WORK REQUIRED
Transcribe the lines below exactly. No image belongs in the transcription.

***** DATA EXTRACT

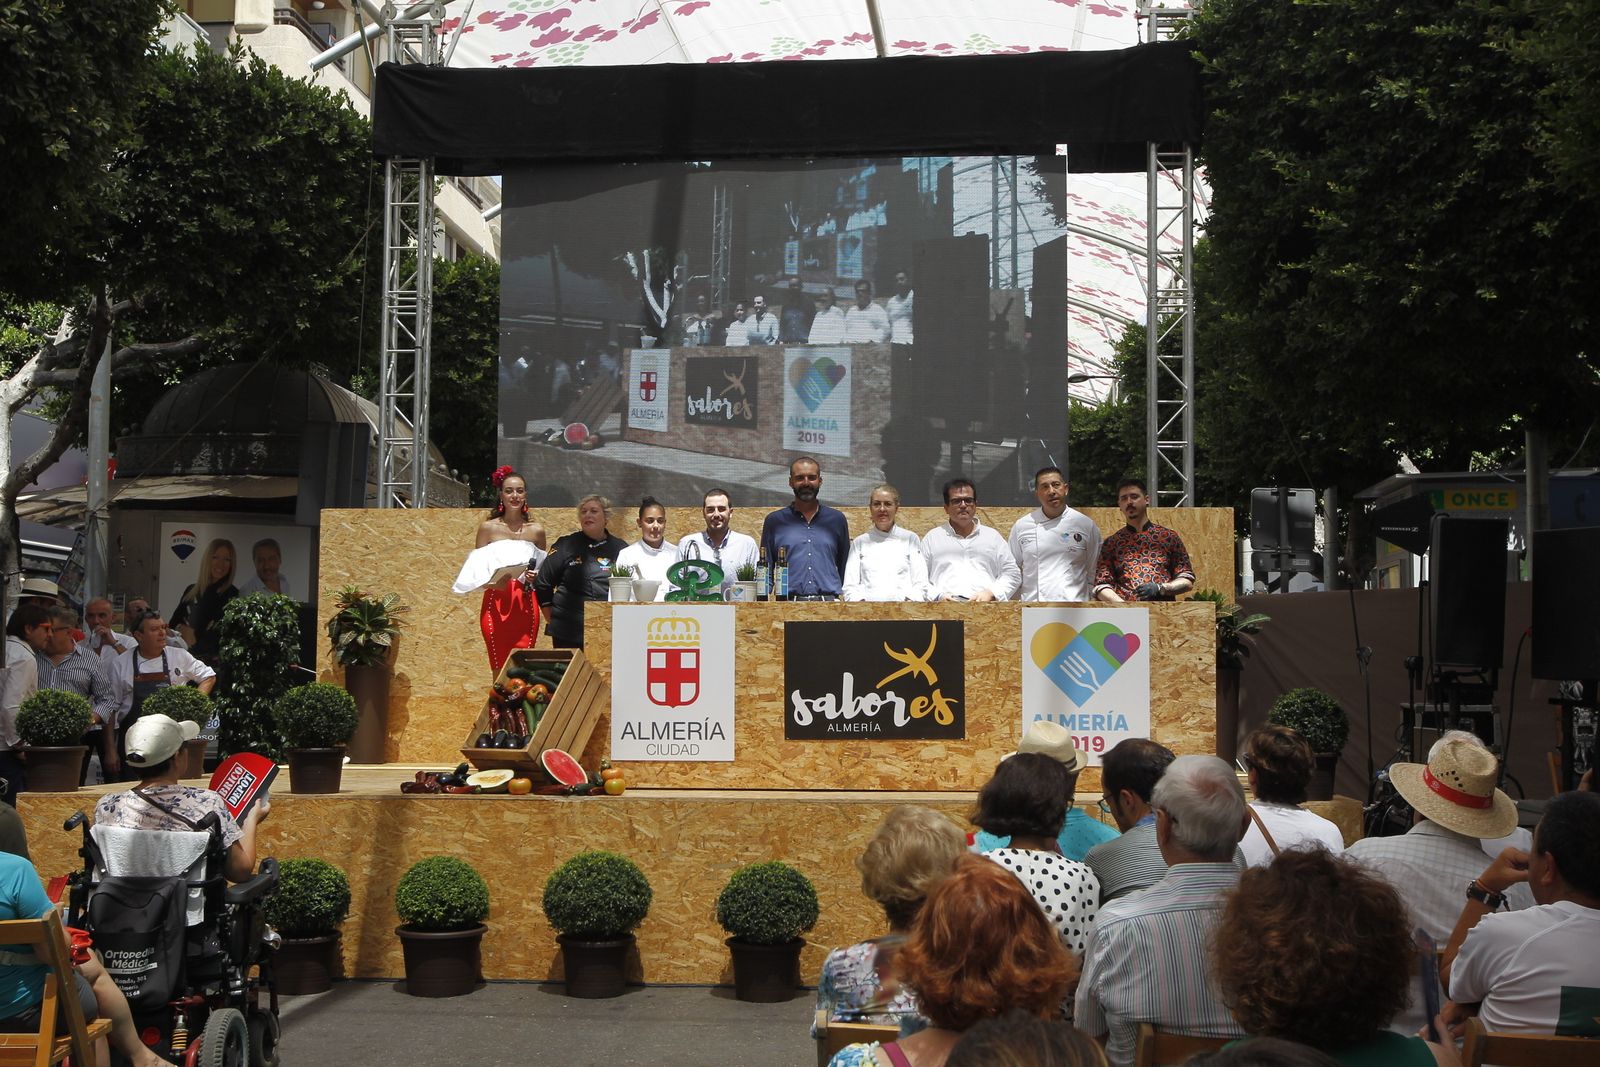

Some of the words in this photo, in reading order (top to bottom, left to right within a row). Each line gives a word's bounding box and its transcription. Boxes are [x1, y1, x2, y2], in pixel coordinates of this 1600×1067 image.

[687, 386, 753, 420] sabores
[787, 416, 839, 432] ALMERÍA
[797, 431, 826, 444] 2019
[1452, 492, 1509, 506] ONCE
[791, 672, 959, 728] sabores
[621, 717, 726, 741] ALMERÍA
[827, 721, 881, 732] ALMERÍA
[646, 743, 700, 756] CIUDAD
[1070, 735, 1105, 752] 019
[218, 766, 243, 798] BRICO
[104, 947, 155, 959] Ortopedia
[111, 958, 149, 969] Médica
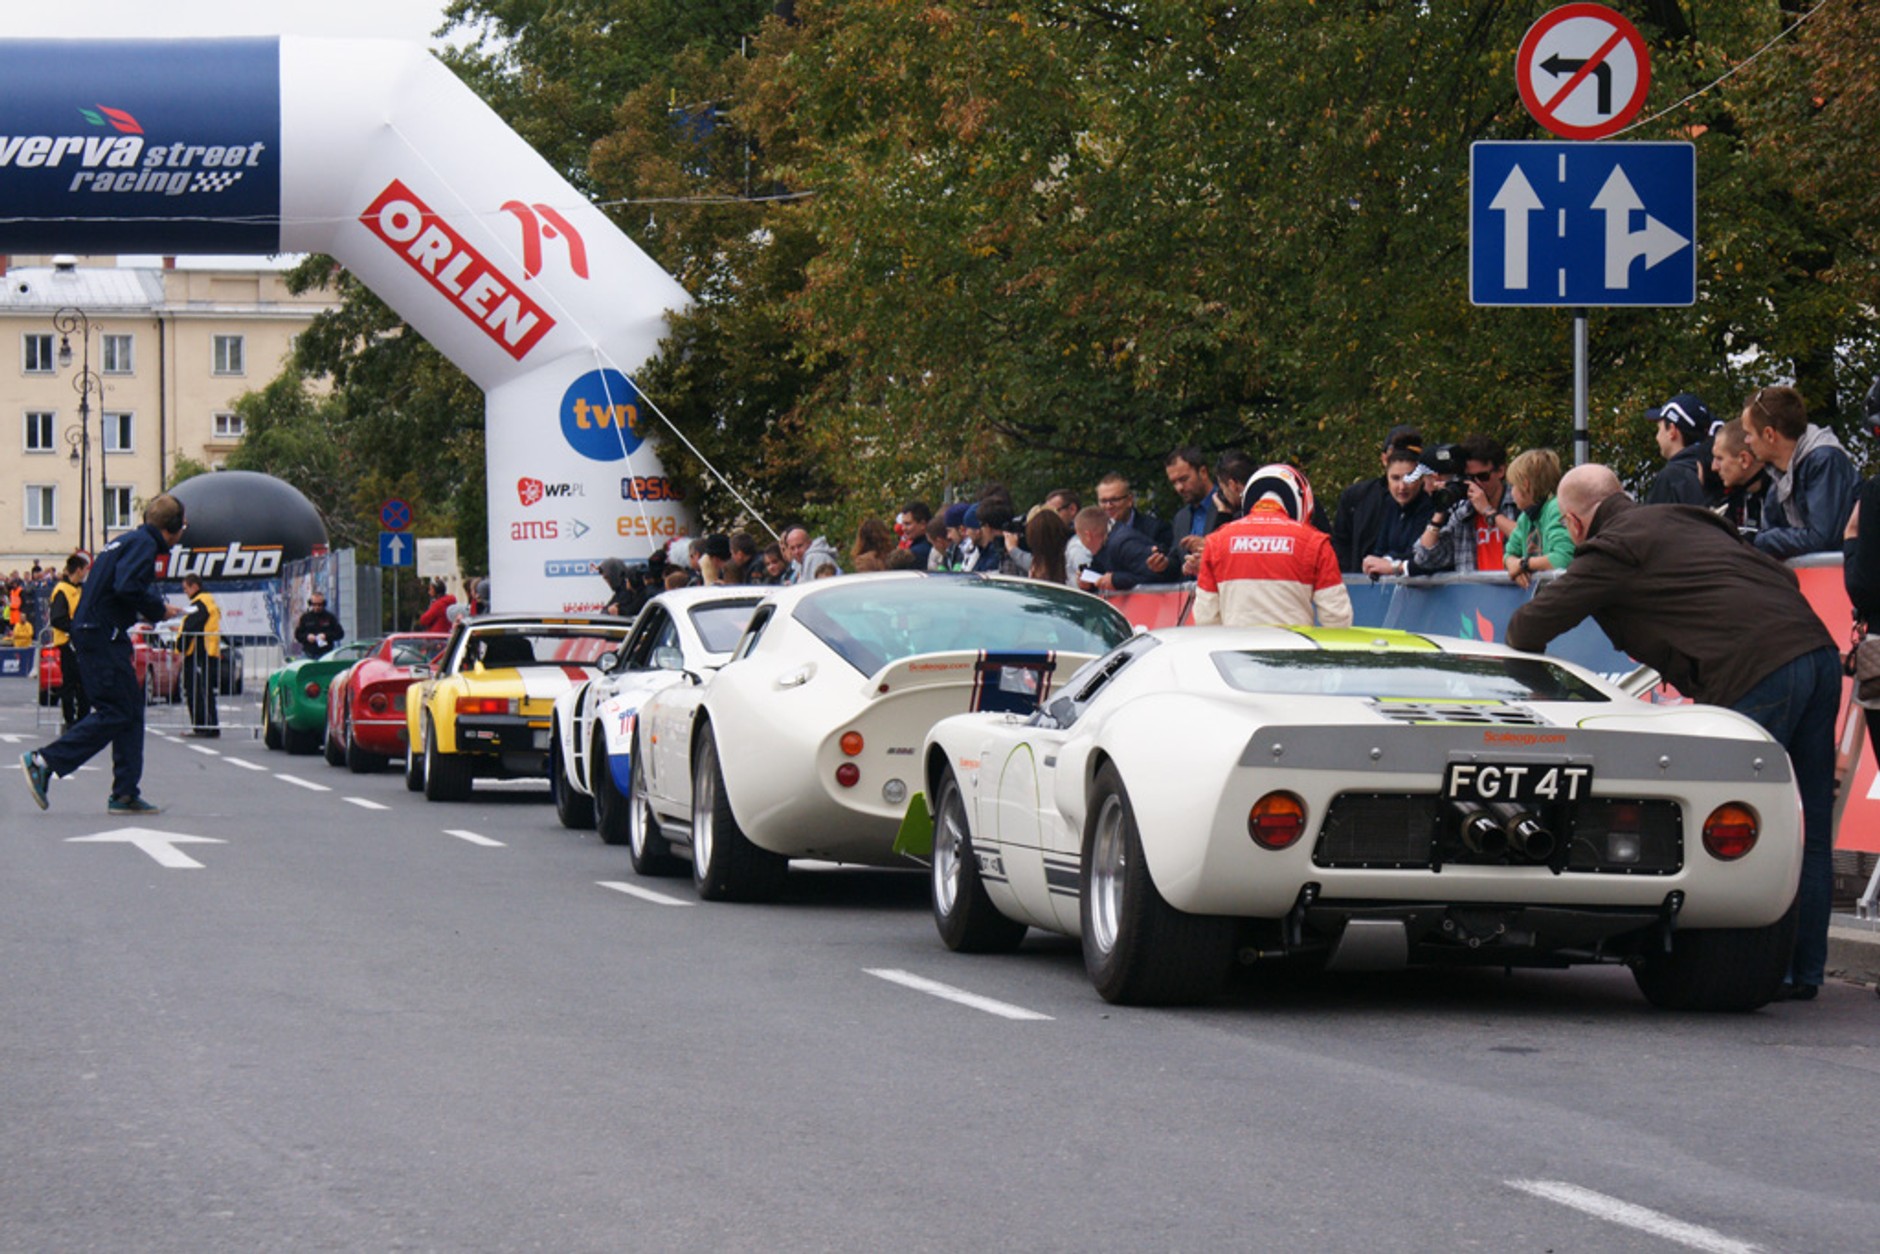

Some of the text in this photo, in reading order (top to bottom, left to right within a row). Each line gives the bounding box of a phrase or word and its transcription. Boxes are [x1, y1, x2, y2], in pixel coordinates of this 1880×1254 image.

[0, 136, 265, 168] verva street
[69, 168, 192, 196] racing
[379, 200, 540, 347] ORLEN
[573, 398, 636, 429] tvn
[545, 483, 586, 498] WP.PL
[511, 520, 558, 541] ams
[1233, 537, 1291, 553] MOTUL
[167, 541, 283, 578] turbo
[1449, 765, 1588, 800] FGT 4T
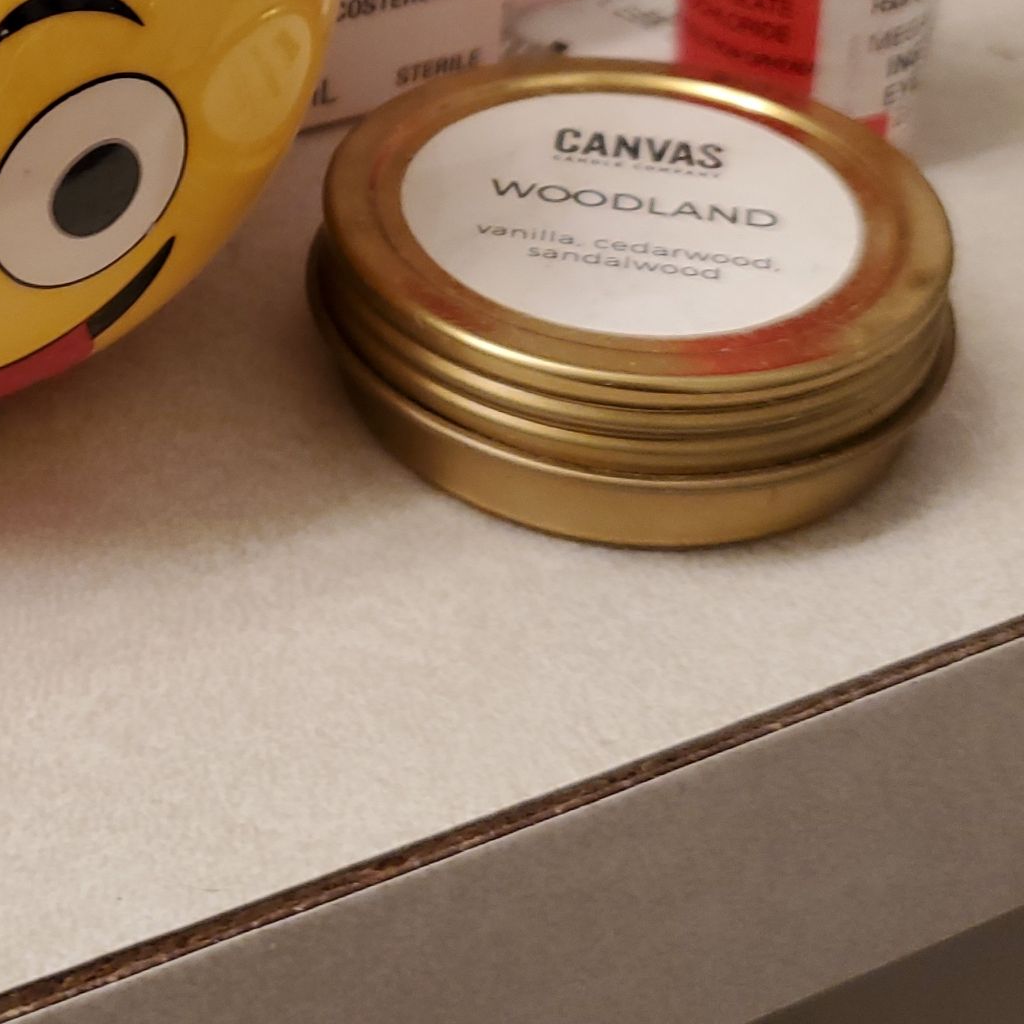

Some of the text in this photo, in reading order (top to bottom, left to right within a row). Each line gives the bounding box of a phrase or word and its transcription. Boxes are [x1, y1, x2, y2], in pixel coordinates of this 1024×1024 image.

[395, 48, 482, 87] STERILE
[554, 127, 725, 170] CANVAS
[491, 178, 779, 229] WOODLAND
[527, 244, 721, 281] sandalwood
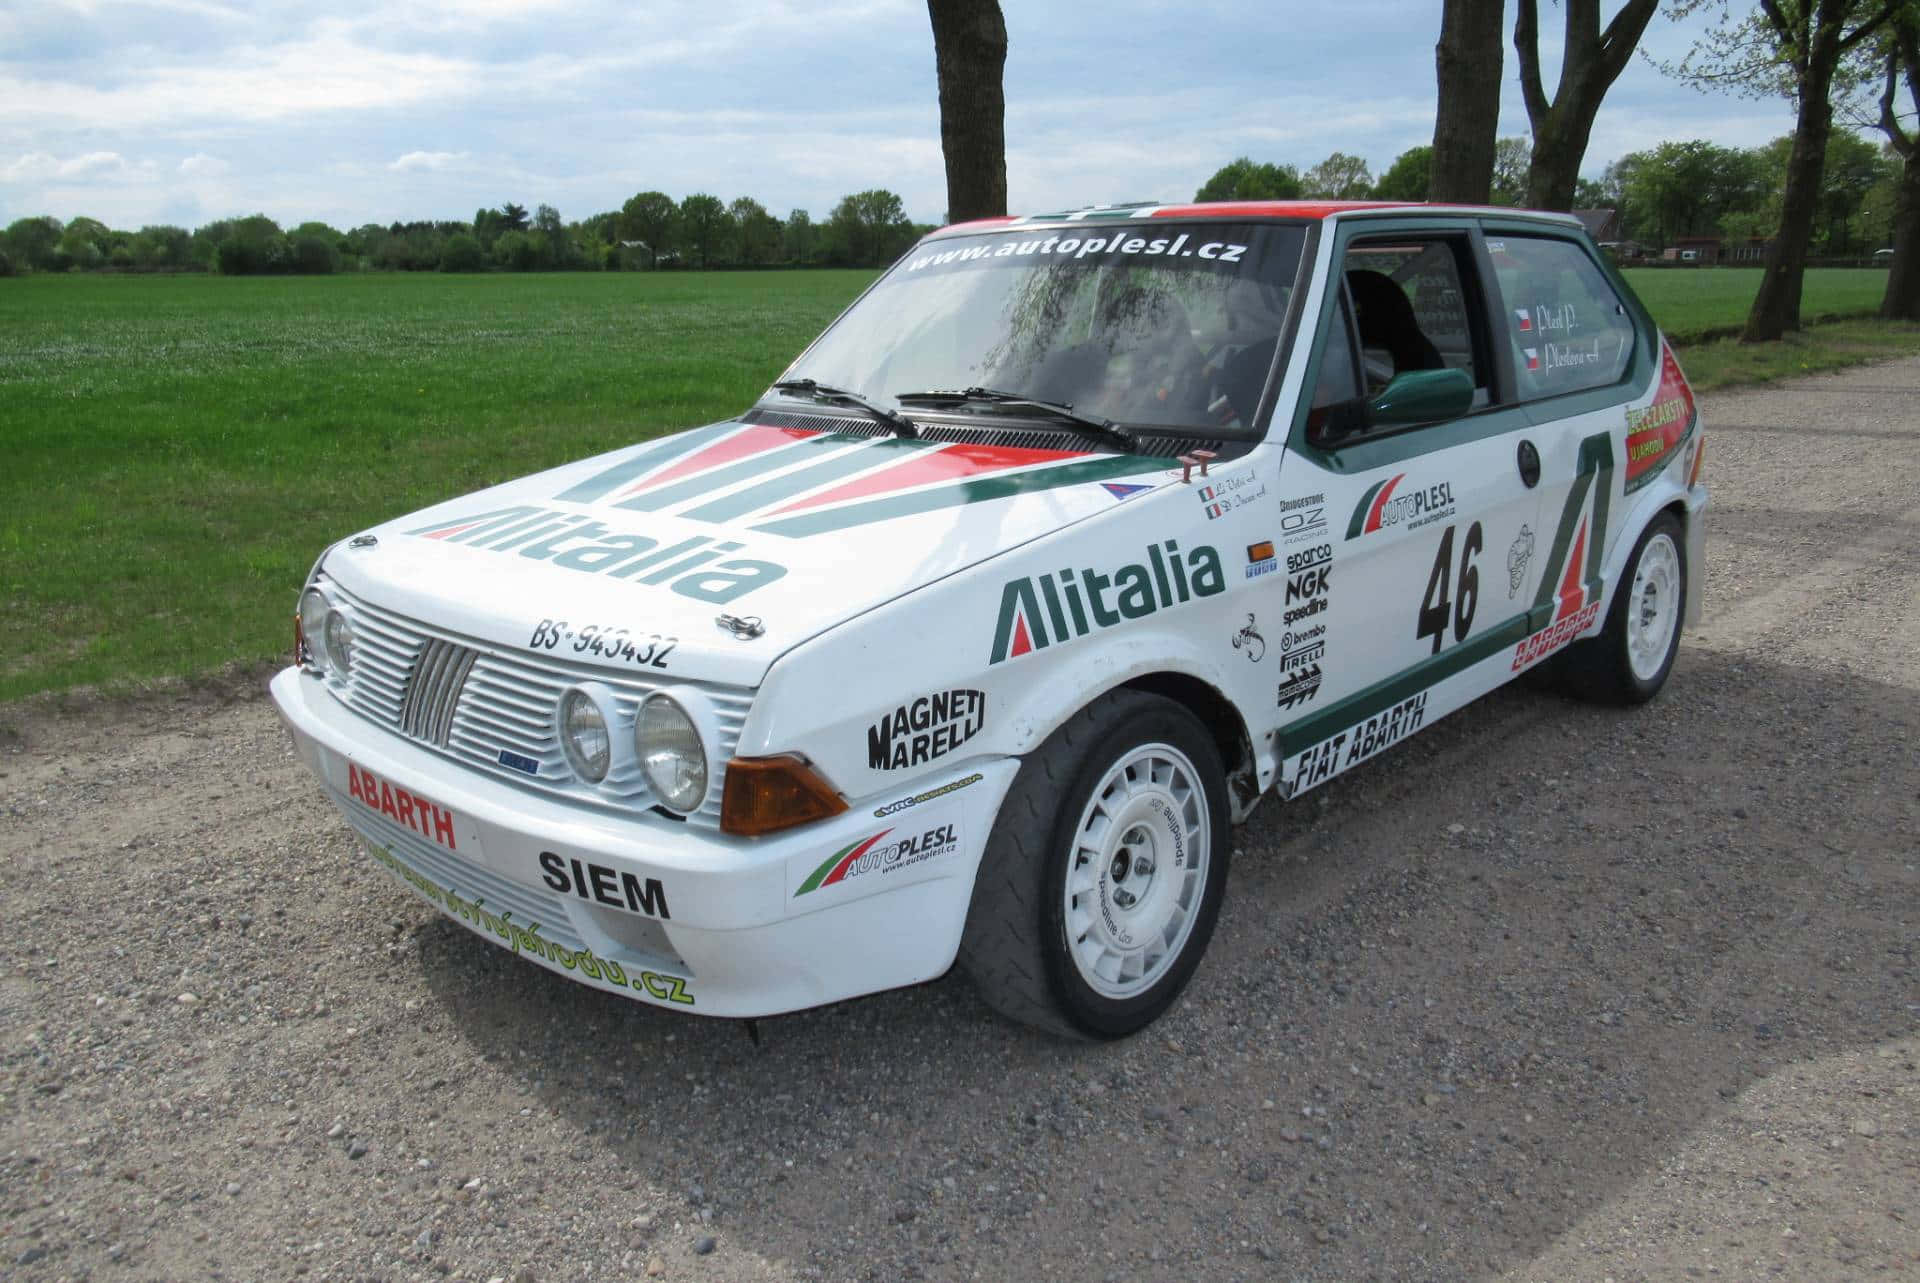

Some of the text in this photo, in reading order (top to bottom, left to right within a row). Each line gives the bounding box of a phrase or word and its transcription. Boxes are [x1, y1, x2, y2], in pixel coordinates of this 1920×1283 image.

**********

ANSWER BOX
Some of the words in this photo, in reading order (top to bottom, left to right within a row). Each line gives a word's bounding box and its transcription. Boxes are [x1, y1, x2, y2], in pixel coordinates of this 1600×1067 image.

[687, 386, 753, 420] sabores
[787, 416, 839, 432] ALMERÍA
[797, 431, 826, 444] 2019
[1452, 492, 1509, 506] ONCE
[791, 672, 959, 728] sabores
[621, 717, 726, 741] ALMERÍA
[827, 721, 881, 732] ALMERÍA
[646, 743, 700, 756] CIUDAD
[1070, 735, 1105, 752] 019
[218, 766, 243, 798] BRICO
[104, 947, 155, 959] Ortopedia
[111, 958, 149, 969] Médica

Some of the text in this photo, in reading order (top to bottom, left to right within a row). Each line gives the bounding box of a phrase or word and its transcription. Boxes are [x1, y1, x2, y2], in pixel coordinates of this 1880×1254 image.

[0, 136, 265, 168] verva street
[69, 168, 192, 196] racing
[379, 200, 540, 347] ORLEN
[573, 398, 636, 429] tvn
[545, 483, 586, 498] WP.PL
[511, 520, 558, 541] ams
[1233, 537, 1291, 553] MOTUL
[167, 541, 283, 578] turbo
[1449, 765, 1588, 800] FGT 4T

Some of the text in this photo, in reading order (top to bottom, left to right within a row). Each line gives the bounding box of a phrase or word and its transcription. Boxes are [x1, y1, x2, y2], in pixel coordinates of this 1024×1024 image.

[395, 48, 482, 87] STERILE
[554, 127, 725, 170] CANVAS
[491, 178, 779, 229] WOODLAND
[527, 244, 721, 281] sandalwood

Some of the text in this photo, in reading order (top to bottom, left to right within a row). Each line gives the bounding box of a phrase or word and its transcription. Boxes are [x1, y1, x2, y2], in pixel coordinates of this 1920×1283 image.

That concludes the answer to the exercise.